## ASSIGNMENT
Only the pictures should be dropped; copy the rest of the entries exactly.

************

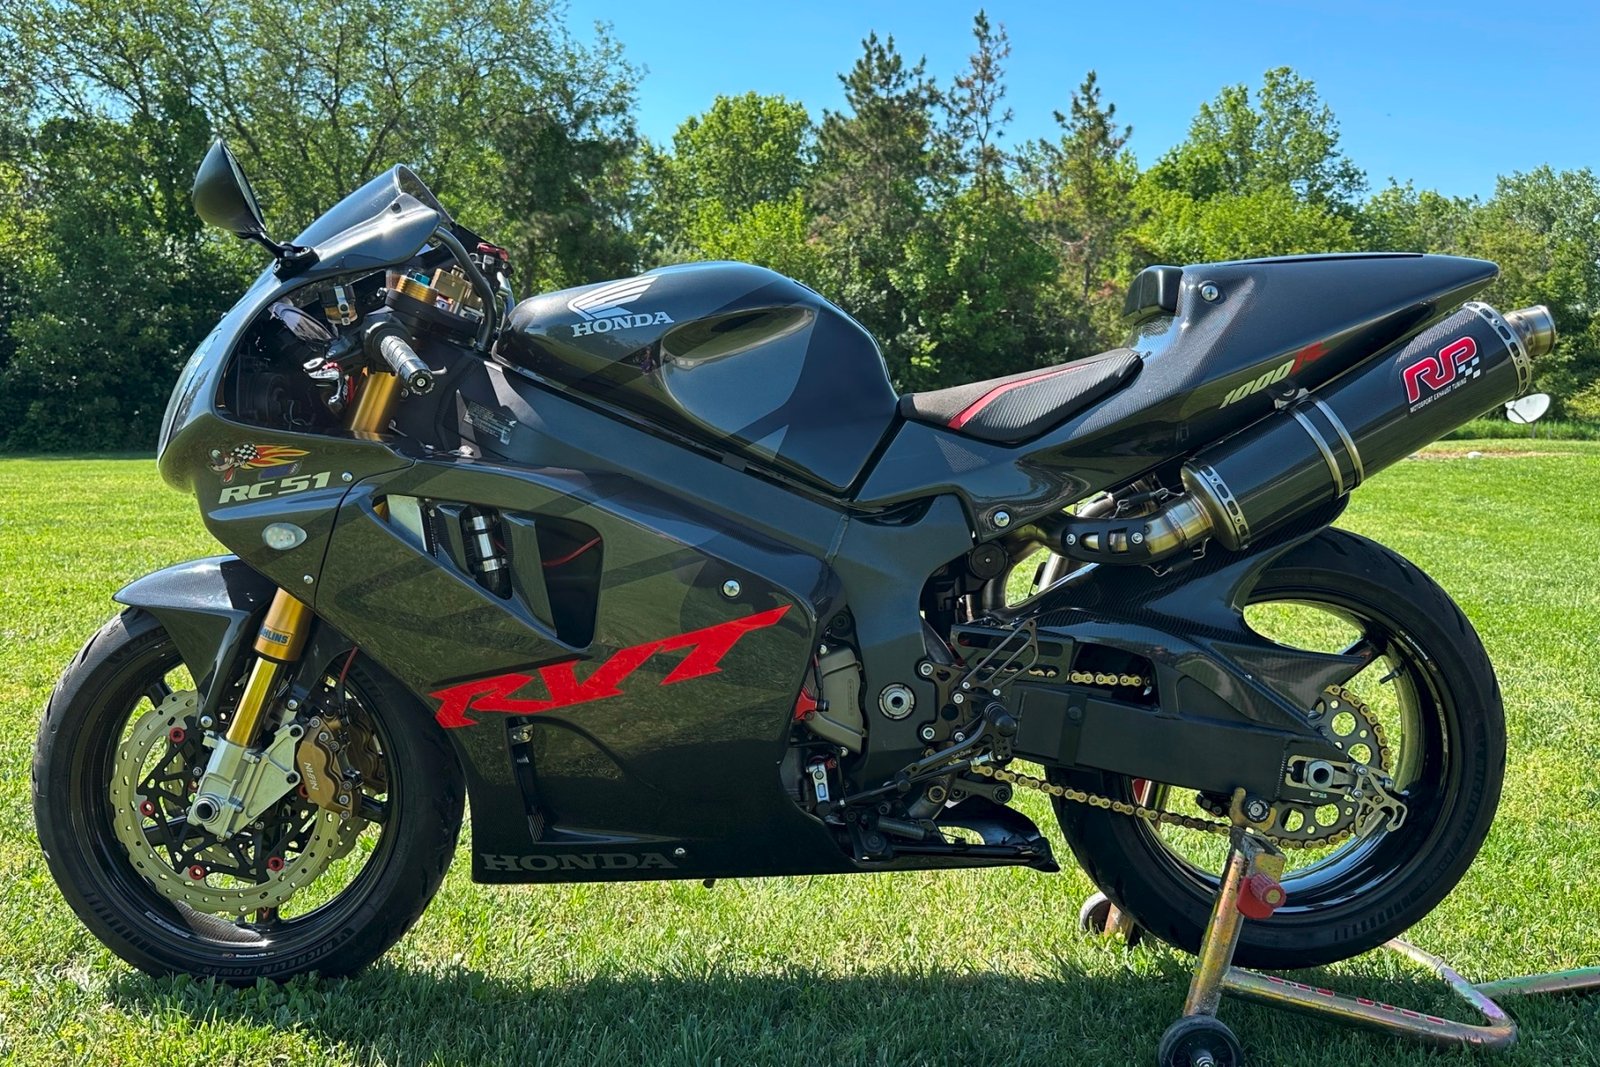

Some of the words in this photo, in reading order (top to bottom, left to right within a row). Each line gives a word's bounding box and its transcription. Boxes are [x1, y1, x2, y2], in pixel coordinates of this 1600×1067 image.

[571, 311, 675, 337] HONDA
[428, 604, 793, 729] RVT
[480, 853, 678, 871] HONDA
[262, 940, 334, 973] MICHELIN
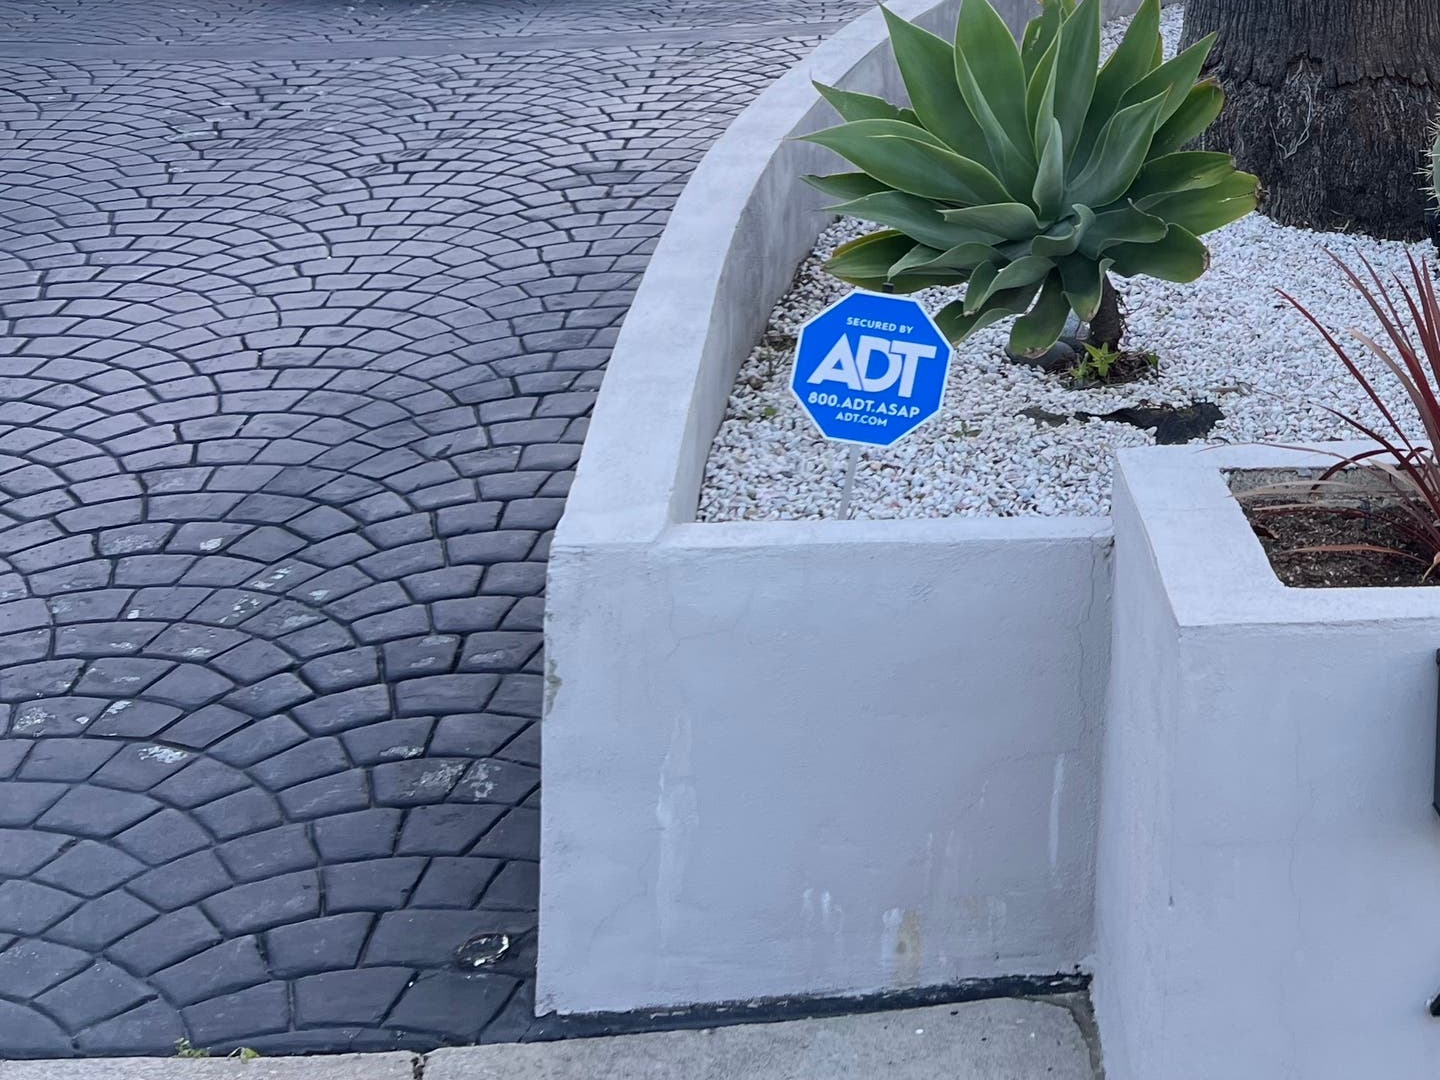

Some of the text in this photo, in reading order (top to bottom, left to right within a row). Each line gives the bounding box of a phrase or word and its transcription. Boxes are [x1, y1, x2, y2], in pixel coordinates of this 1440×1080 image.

[846, 317, 914, 334] SECURED BY
[806, 332, 937, 398] ADT
[807, 391, 920, 419] 800.ADT.ASAP
[835, 411, 888, 427] ADT.COM
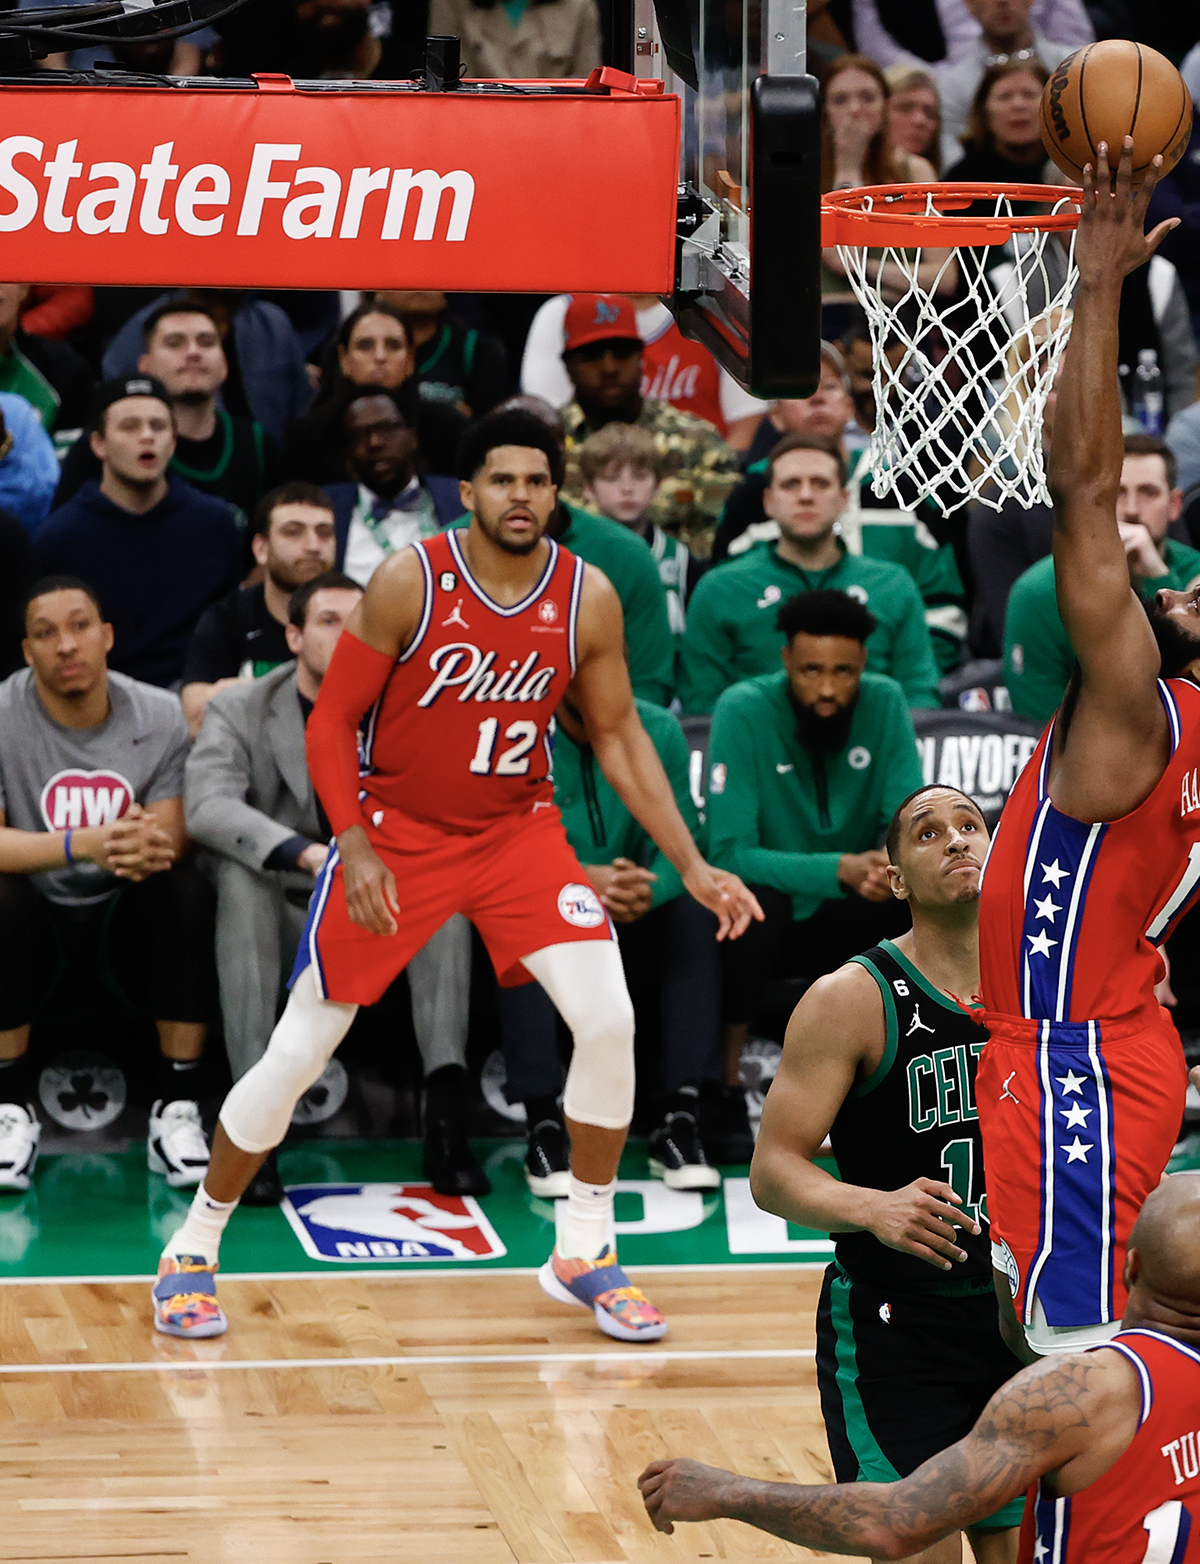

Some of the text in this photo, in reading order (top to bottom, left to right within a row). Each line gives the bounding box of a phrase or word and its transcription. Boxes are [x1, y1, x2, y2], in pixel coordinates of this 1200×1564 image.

[440, 572, 456, 592] 6
[417, 642, 556, 707] Phila
[469, 717, 538, 775] 12
[54, 786, 126, 828] HW
[893, 979, 910, 997] 6
[335, 1241, 430, 1257] NBA

************

## REPLY
Some of the words in this photo, in reading order (top to bottom, left to right within a row). Each line gives a word's bounding box and its transcription. Boxes are [x1, y1, x2, y2], in pixel coordinates of this 1600×1067 image.

[571, 311, 675, 337] HONDA
[428, 604, 793, 729] RVT
[480, 853, 678, 871] HONDA
[262, 940, 334, 973] MICHELIN

Some of the text in this photo, in reading order (top to bottom, left to right within a row). Each line gives the bounding box of a phrase or word and its transcription. Boxes are [x1, y1, x2, y2], in pixel coordinates of this 1440×1080 image.

[846, 317, 914, 334] SECURED BY
[806, 332, 937, 398] ADT
[807, 391, 920, 419] 800.ADT.ASAP
[835, 411, 888, 427] ADT.COM

Some of the text in this photo, in reading order (top to bottom, left to right within a row). Each line gives the bounding box of a phrase or word and its transcription. Boxes are [x1, y1, x2, y2], in pixel coordinates of this 1200×1564 image.

[440, 572, 456, 592] 6
[417, 642, 556, 707] Phila
[469, 717, 538, 775] 12
[54, 786, 126, 828] HW
[893, 979, 910, 997] 6
[335, 1241, 430, 1257] NBA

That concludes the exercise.